» **How to complete this task**:
With the exception of the pictures, write out the data below precisely.

--- Available data Enclosed Below ---

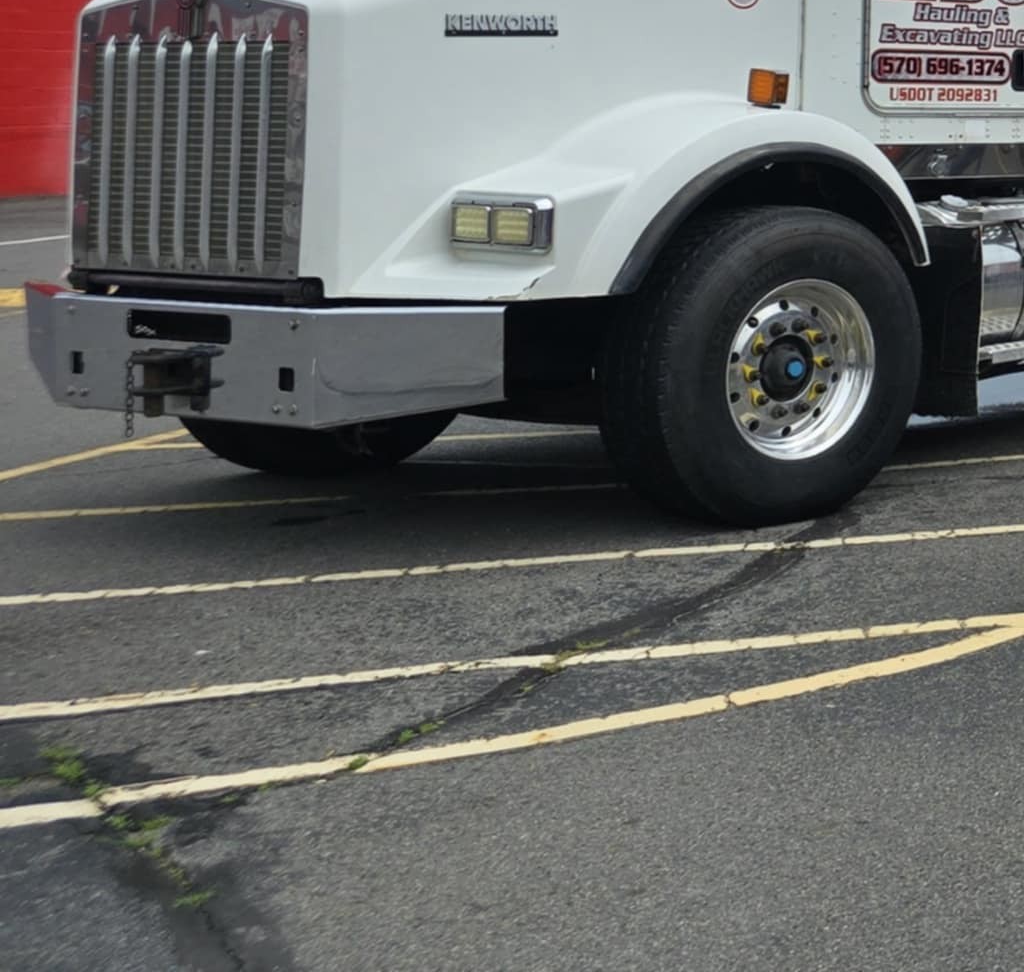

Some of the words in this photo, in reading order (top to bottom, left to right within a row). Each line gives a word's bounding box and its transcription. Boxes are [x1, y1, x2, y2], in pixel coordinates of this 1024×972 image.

[444, 13, 558, 37] KENWORTH
[913, 2, 993, 29] Hauling
[994, 6, 1011, 26] &
[879, 23, 993, 50] Excavating
[877, 56, 922, 77] (570)
[925, 57, 1006, 77] 696-1374
[889, 87, 934, 102] USDOT
[937, 88, 998, 103] 2092831

--- End of Enclosed Available data ---

» **Exercise answer**:
Some of the words in this photo, in reading order (top to bottom, left to right within a row). Each line gives a word's bounding box and its transcription. Boxes are [x1, y1, x2, y2], in pixel coordinates of this 1024×972 image.

[444, 13, 558, 37] KENWORTH
[913, 2, 993, 29] Hauling
[994, 6, 1011, 26] &
[879, 23, 993, 50] Excavating
[877, 56, 922, 77] (570)
[925, 57, 1006, 77] 696-1374
[889, 87, 934, 102] USDOT
[937, 88, 998, 103] 2092831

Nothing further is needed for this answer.